Every month one new pediatric facial palsy visited the department, and the same protocol was followed. Four cases were treated from March 2020 to July 2020 and in May 2021. We follow the same video-guided exercises. Following the activities, all the child’s parents were requested to take a video of the child. This video was used to assess the child’s progress, and the progression is calculated using the House-Brackmann Scale.
In this case series, three male children and two female children were scanned with a mean age of 6.2 years, and the duration of the symptoms is five days. The questionnaire was developed using a Likert scale on the treatment progression, treatment satisfaction, and treatment methods. All the children and their parents were delighted with all the components. The house-Brackmann scale was used to investigate the improvement, and still, as the participants are significantly fewer, the values are not quantifiable. Table 1 shows the clinical analysis of the onset of recovery and the duration of rehab. It has demonstrated that an average of 6 weeks is required for complete healing.
|Age in years||Sex||Grade of presentation (House Brackmann) & Side of presentation||Recovery onset in days||Duration of complete recovery in weeks|
|7||Male||IV (Right side)||Day 8||7th week|
|6||Female||III (Left side)||Day 6||6th week|
|5||Male||III (Right side)||Day 7||5th week|
|6||Male||IV (Left side)||Day 5||7th week|
|7||Female||III (Left side)||Day 8||5th week|
The purpose of the case series is to evaluate the effect of neuromuscular facilitation training on pediatric facial paralysis. Similar studies on facial palsy show that around 89.3% of children with facial palsy recovered completely, and the recovery happened with 90% [3,11]. Exercise is the most commonly used method for the rehabilitation of facial palsy . Physiotherapy with neuromuscular retraining is much helpful in managing facial nerve palsy . NMFT benefits in correct movement patterns and improves facial movements and exercise programs . NMFT helps in stimulating the weakened facial muscles by the principle of irradiation, and it shows better than traditional therapy in paediatric facial palsy . NMFT affects the cutaneous muscle distributed over the face, contributing to early improvements .

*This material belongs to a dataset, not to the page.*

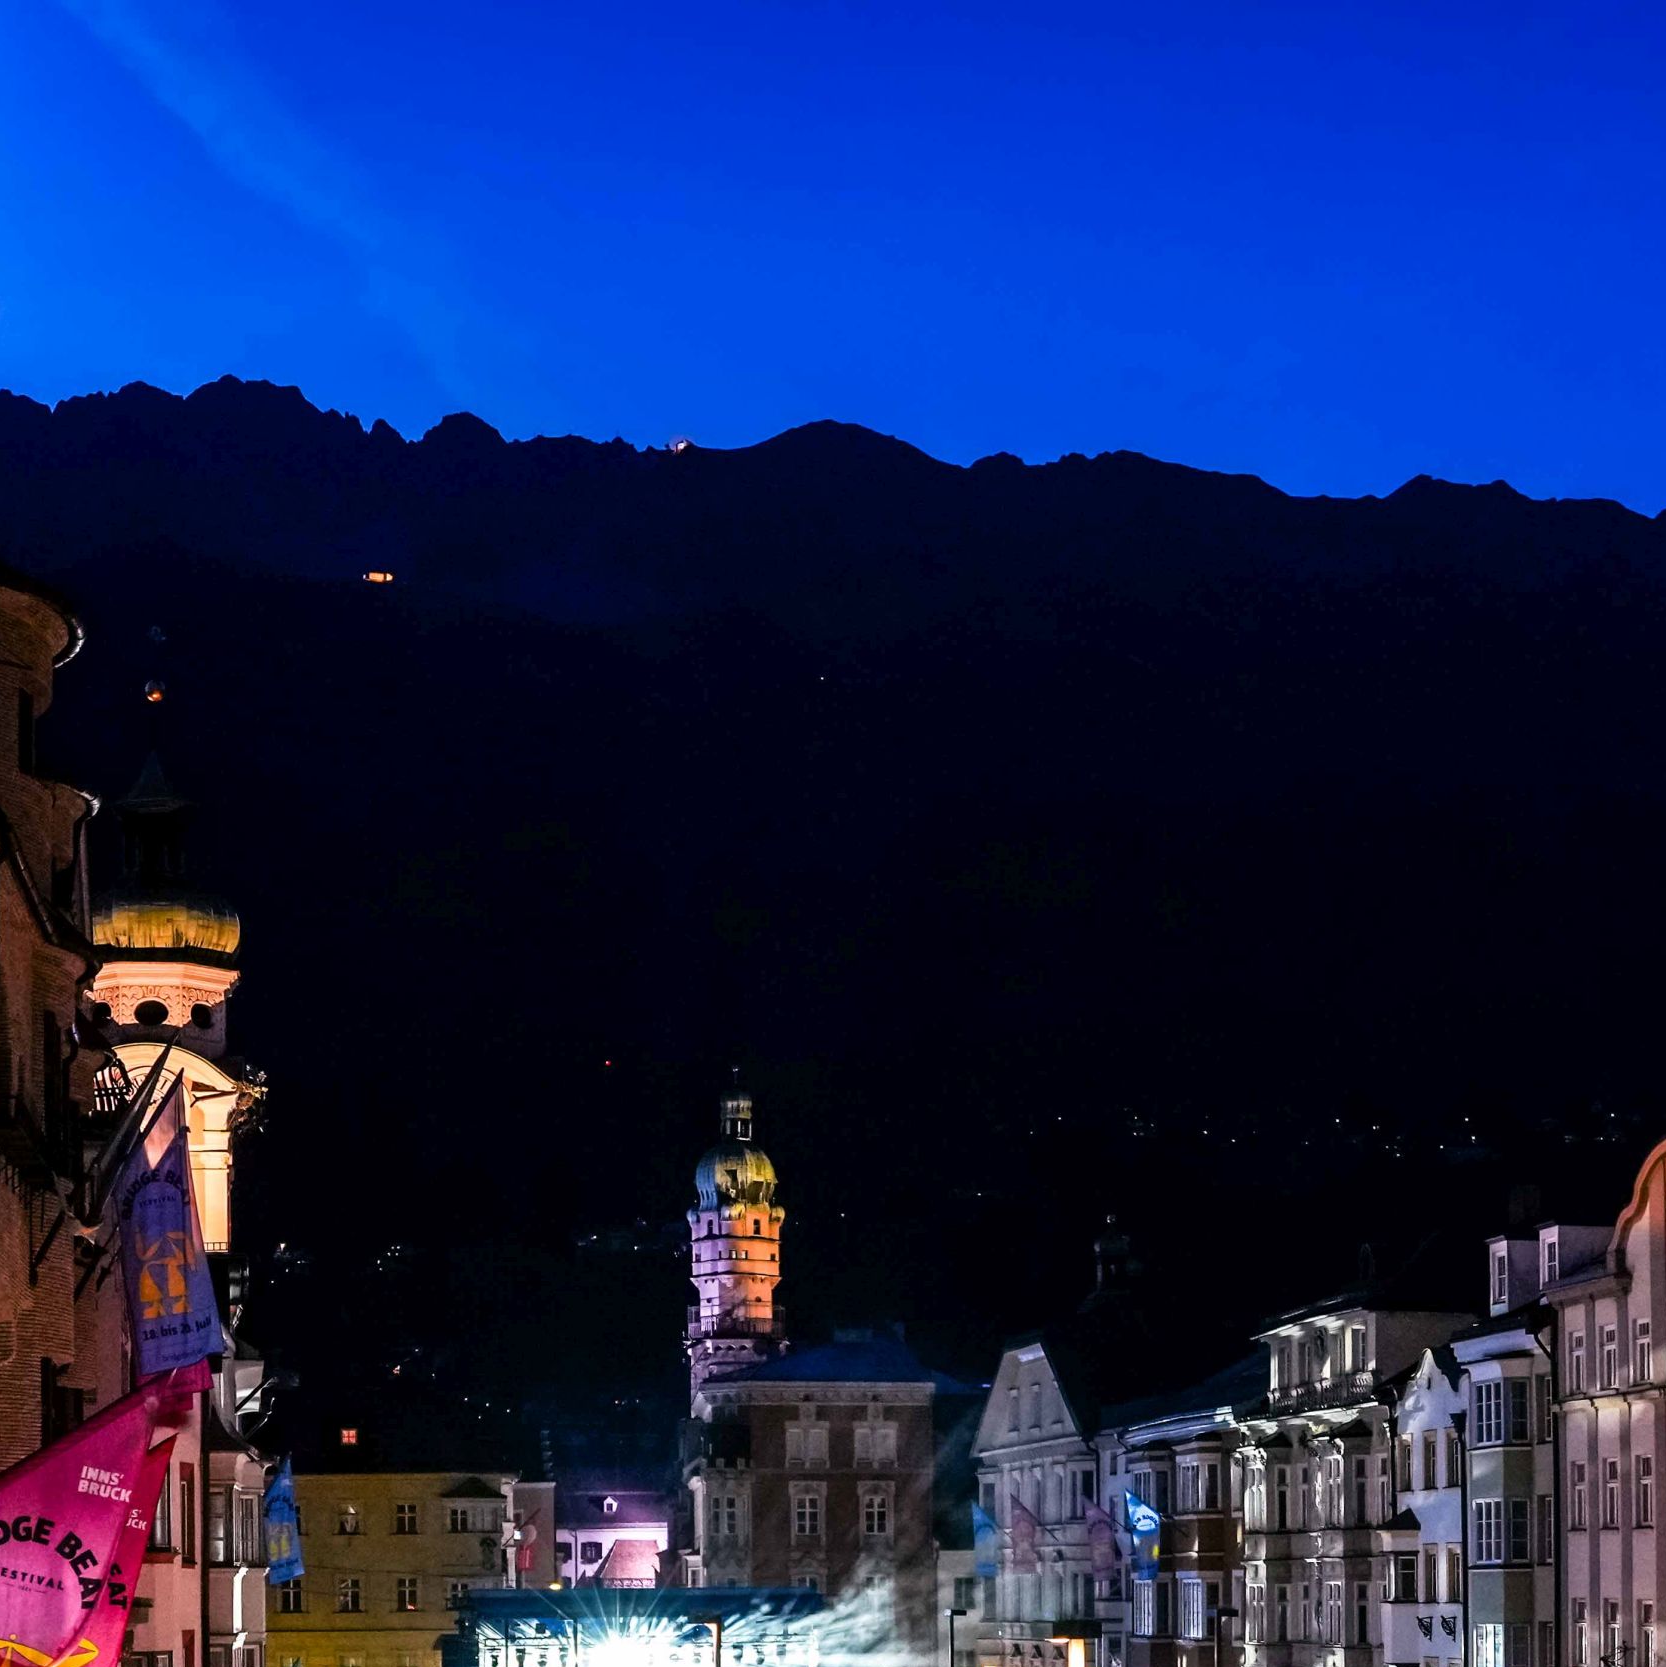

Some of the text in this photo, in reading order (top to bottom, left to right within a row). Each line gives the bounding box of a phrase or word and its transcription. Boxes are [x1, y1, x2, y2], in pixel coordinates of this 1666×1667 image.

[160, 1324, 178, 1337] bis
[81, 1465, 124, 1486] INNS'
[77, 1480, 132, 1503] BRUCK

NMFT emphasizes the accuracy of facial movement patterns and improves isolated muscle control. It prevents exercises that promote mass contraction of the muscles related to more than one facial expression. Similar studies showed that participants who perform self-exercises at home show more significant improvement, and analysis done by Beursken et al. also showed a considerable improvement even in chronic cases. He concluded that structural home exercises produce many benefits [16-18].
The major limitation of this study is a case series design, and this study has done with five children. More participants are needed to explore more on this treatment perspective. The effectiveness of the neuromuscular exercises was not quantifiable in the smaller sample.
The prognosis of all the children has been good, and all have a higher recovery rate. This study concludes that the application of neuromuscular exercises and frequent video-guided exercises aids in the recovery of pediatric facial paralysis.